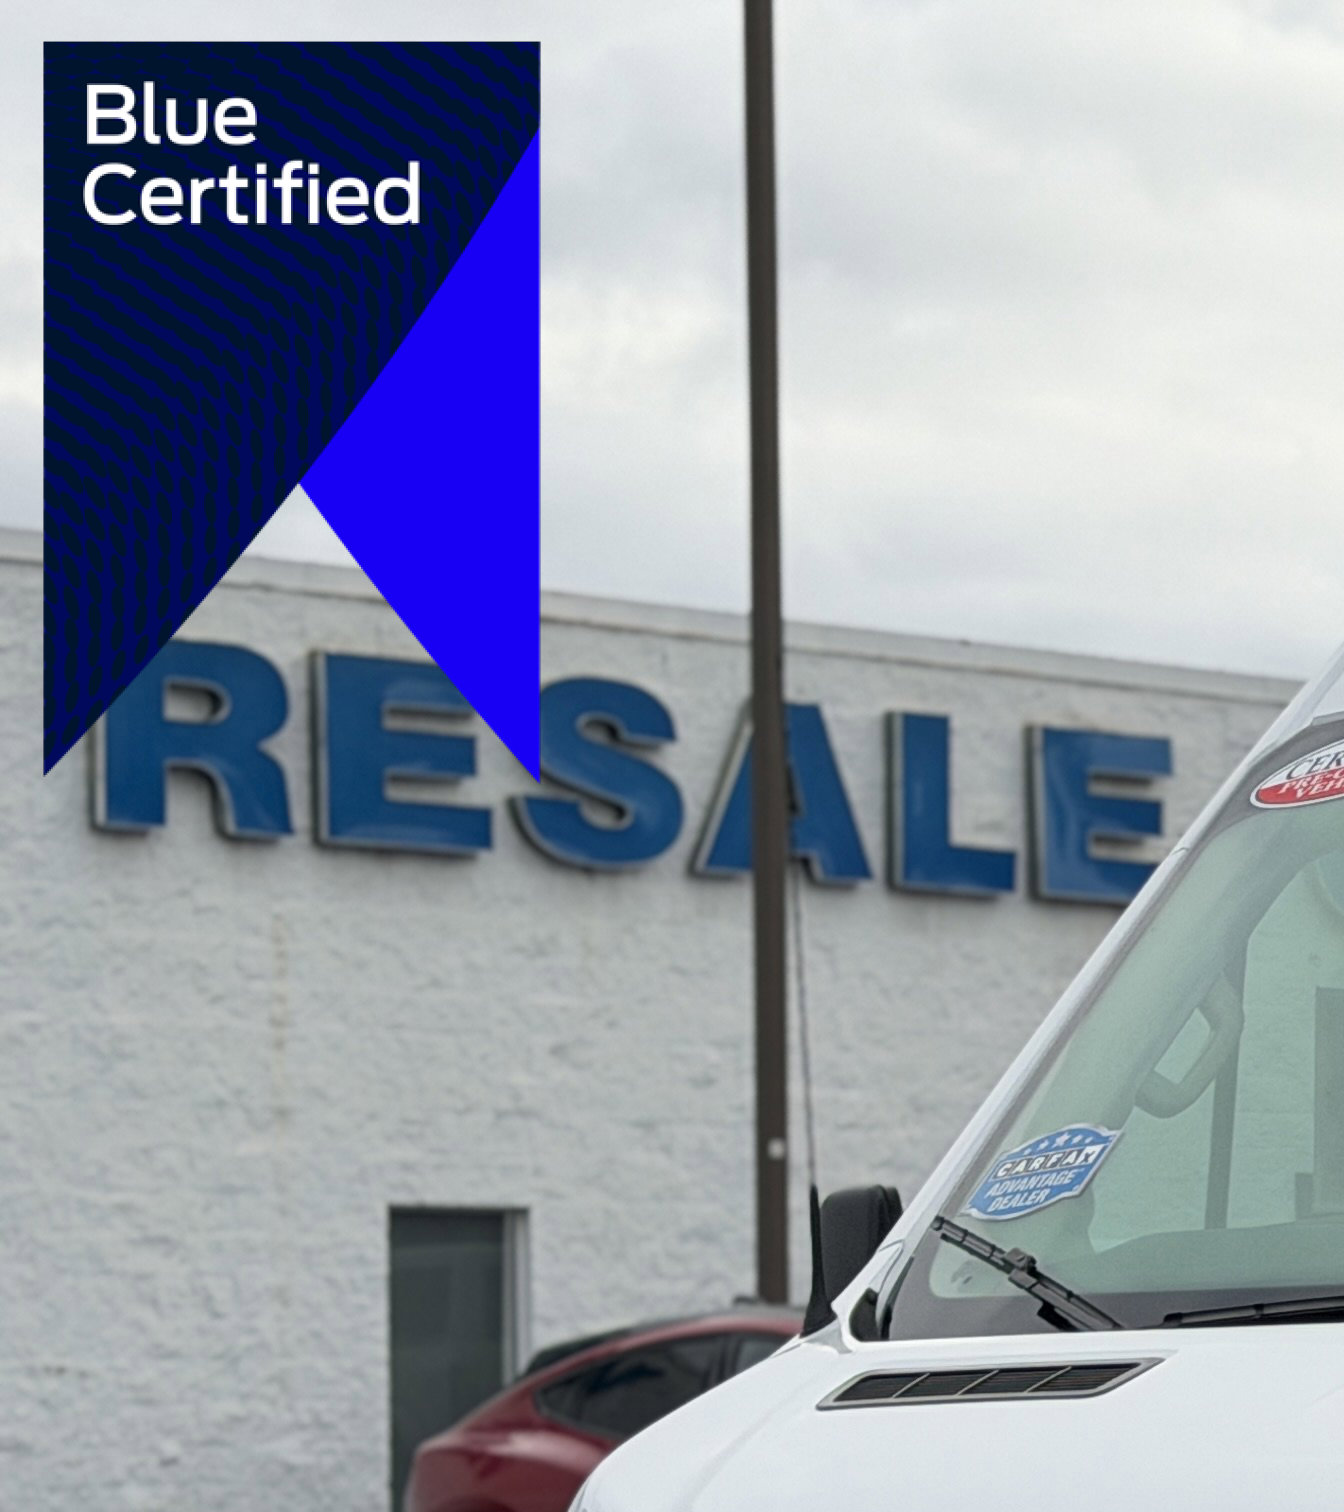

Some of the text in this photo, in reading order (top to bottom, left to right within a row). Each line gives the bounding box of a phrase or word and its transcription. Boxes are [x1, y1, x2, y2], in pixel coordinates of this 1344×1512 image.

[90, 638, 1174, 904] RESALE
[996, 1146, 1101, 1178] CARFAX
[985, 1167, 1083, 1199] ADVANTAGE
[987, 1188, 1051, 1213] DEALER
□ □ □ □ □ □ □
### Requirement:
Every record should be duplicated exactly, though any picture in it must be left out.

### Your solution:
Some of the text in this photo, in reading order (top to bottom, left to right within a row). Each line gives the bounding box of a phrase or word and its transcription. Boxes are [x1, y1, x2, y2], in pixel coordinates of this 1344×1512 image.

[90, 638, 1174, 904] RESALE
[996, 1146, 1101, 1178] CARFAX
[985, 1167, 1083, 1199] ADVANTAGE
[987, 1188, 1051, 1213] DEALER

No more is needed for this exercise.